My forearms were quite pumped after a solid effort on the first of two crux pitches on my new multi-pitch project here in the Canadian Rockies. Fortunately, the chains were just a few easy moves away. My mind drifted away to thoughts of how well I did on the attempt as I stepped carelessly onto the band of rock leading to the anchor. The next second, I was literally shrieking down the wall, grasping in disbelief at the seemingly endless loop of rope flapping through the air in front of me. My heart nearly burst through my throat by the time I came screaming (again, quite literally) into the rock.
I crashed hard, with my hip bearing the brunt of impact.
After a quick assessment, I was rather surprised, if pleased, to discover that I was largely unharmed. The relief turned to fear, shock and frustration as I kicked my feet against the rock, releasing a loud and unabashed “FUCK!”

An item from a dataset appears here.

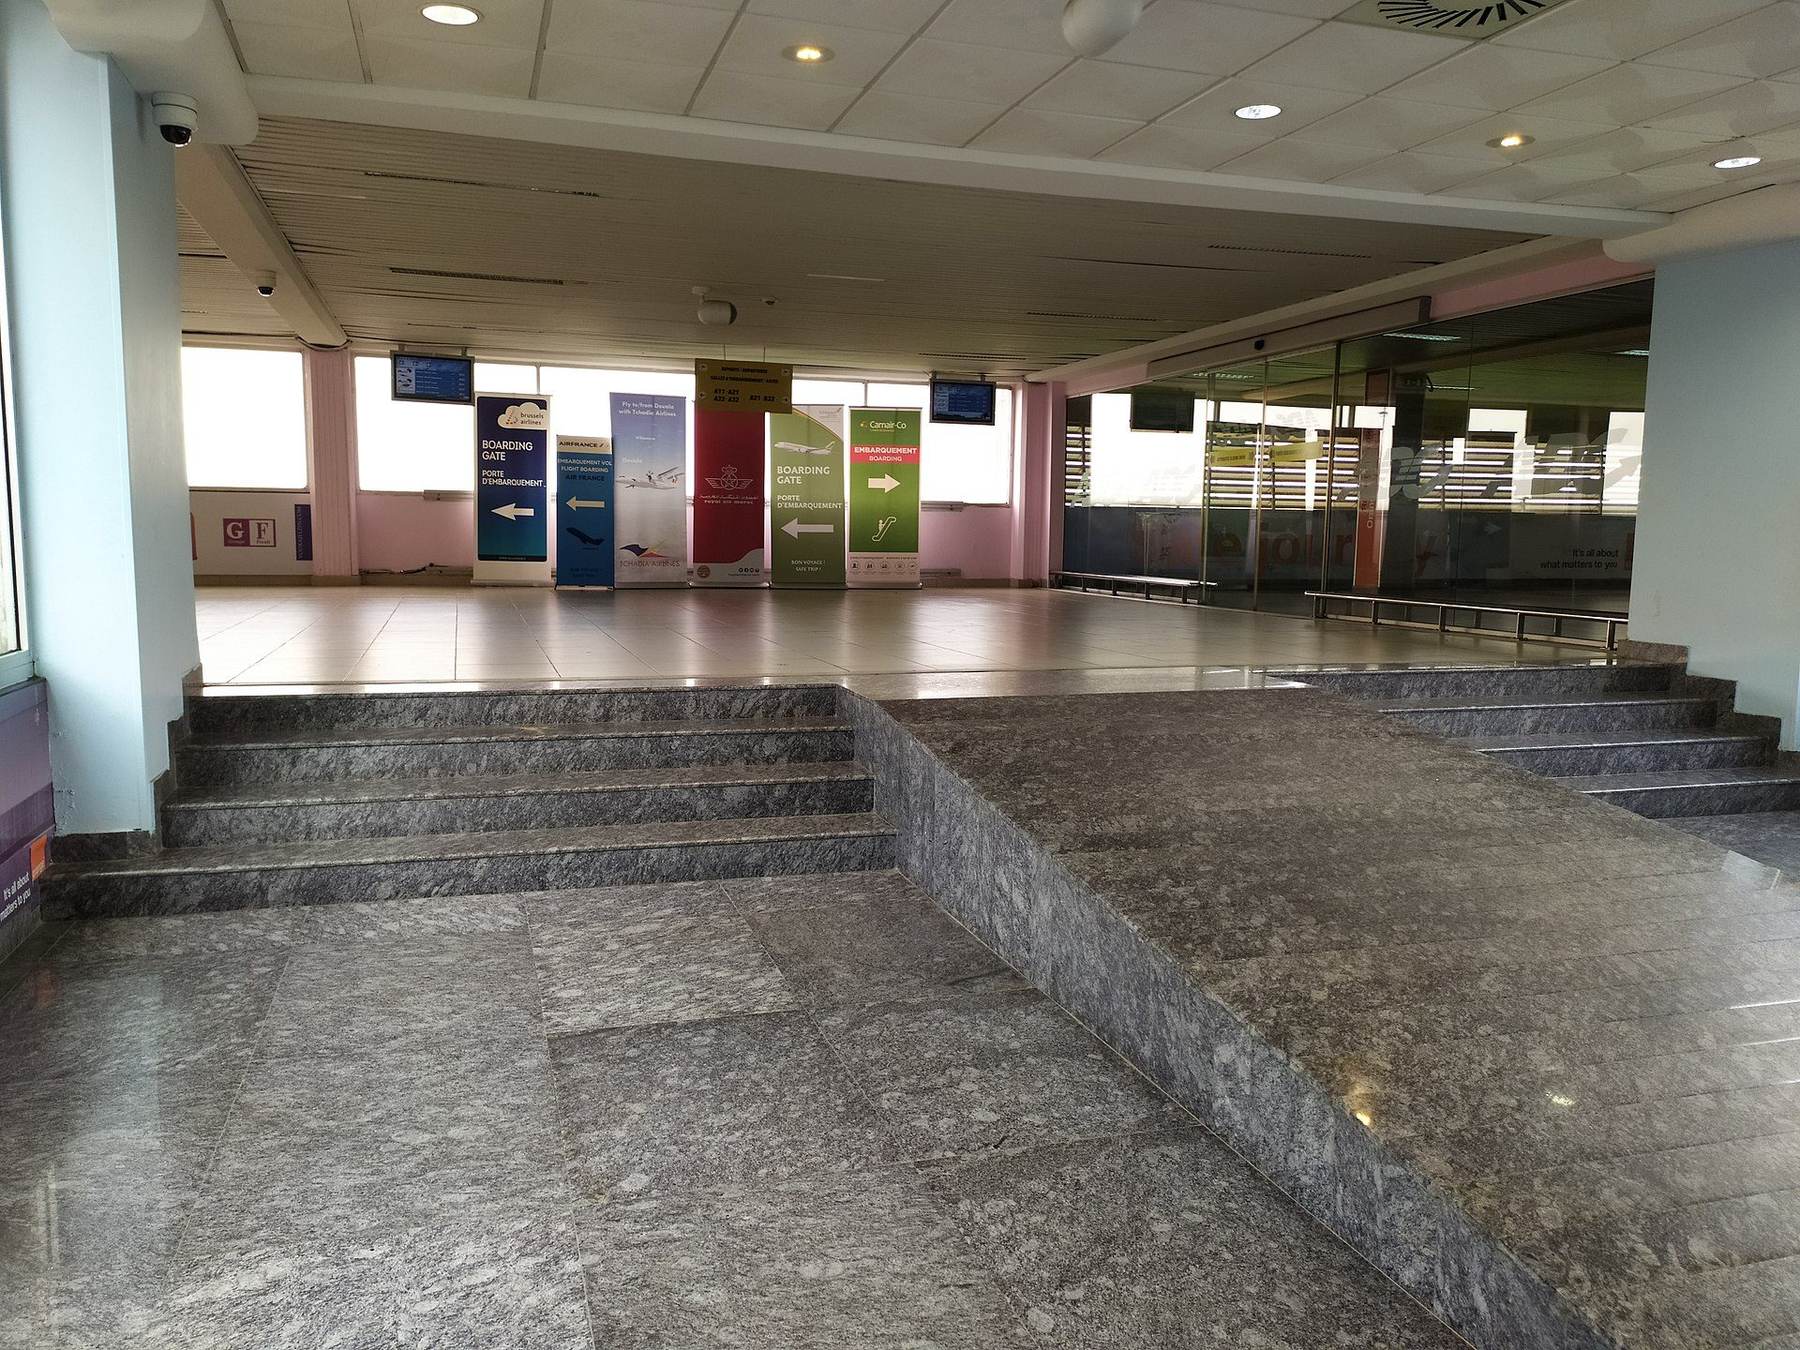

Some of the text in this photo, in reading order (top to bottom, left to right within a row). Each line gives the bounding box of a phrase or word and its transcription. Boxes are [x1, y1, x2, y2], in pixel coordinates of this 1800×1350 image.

The band had crumbled beneath my feet. The Yamnuska gods had just put me in my place. Pride and carelessness do not belong on this mountain. I’d just been warned.
Of Rock Gods & Gumbies
The gods of Yam seem to have a particular disdain for the egos of climbers aspiring to quickly ascend their flanks, and they dish out those lessons with swift smackdowns. Yamnuska—officially named Mt. John Laurie, though its Nakoda name, meaning “Wall of Stone,” is preferred—is a 350-meter (1,200-foot) trad/sport/mixed cliff in the Bow Valley of Alberta, Canada, just outside Calgary and near Banff. The rock of the Canadian Rockies is limestone of generally solid quality, but the rock of Yamnuska can often bring a new meaning to the word ‘choss’.

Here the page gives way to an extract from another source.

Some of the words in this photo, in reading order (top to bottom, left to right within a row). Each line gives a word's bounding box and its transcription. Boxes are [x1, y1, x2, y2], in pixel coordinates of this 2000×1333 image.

My project here at Yam is a seven-pitch, 200-meter 5.13b called Blue Jeans. Nick Rochacewich had attempted, ground-up, to bolt this plumb line, which follows a pair of blue limestone streaks running like denim-clad legs down Yamnuska’s craggy face. After aiding approximately 10-15 feet up the first pitch, a piece ripped out of the wall and Nick fell, ripping out every piece of pro before taking a stunner of a ground fall. Luckily, Nick escaped serious injury, though the gods of Yam had succeeded in macerating his ego.
Post digger, Nick humbly hiked to the top of the mountain to begin bolting on rappel. After a few years of effort, Nick had created one of the hardest sport multi-pitches on Yamnuska. Although the dueling blue streaks help make Blue Jeans an already appropriate name, in reality Nick had named his route in an homage to Andrew Gallant, a local character and Canmore climber who is known for climbing everything, even alpine routes, in jeans. The neighboring routes Red Shirt and Brown Trousers only make the name more fitting.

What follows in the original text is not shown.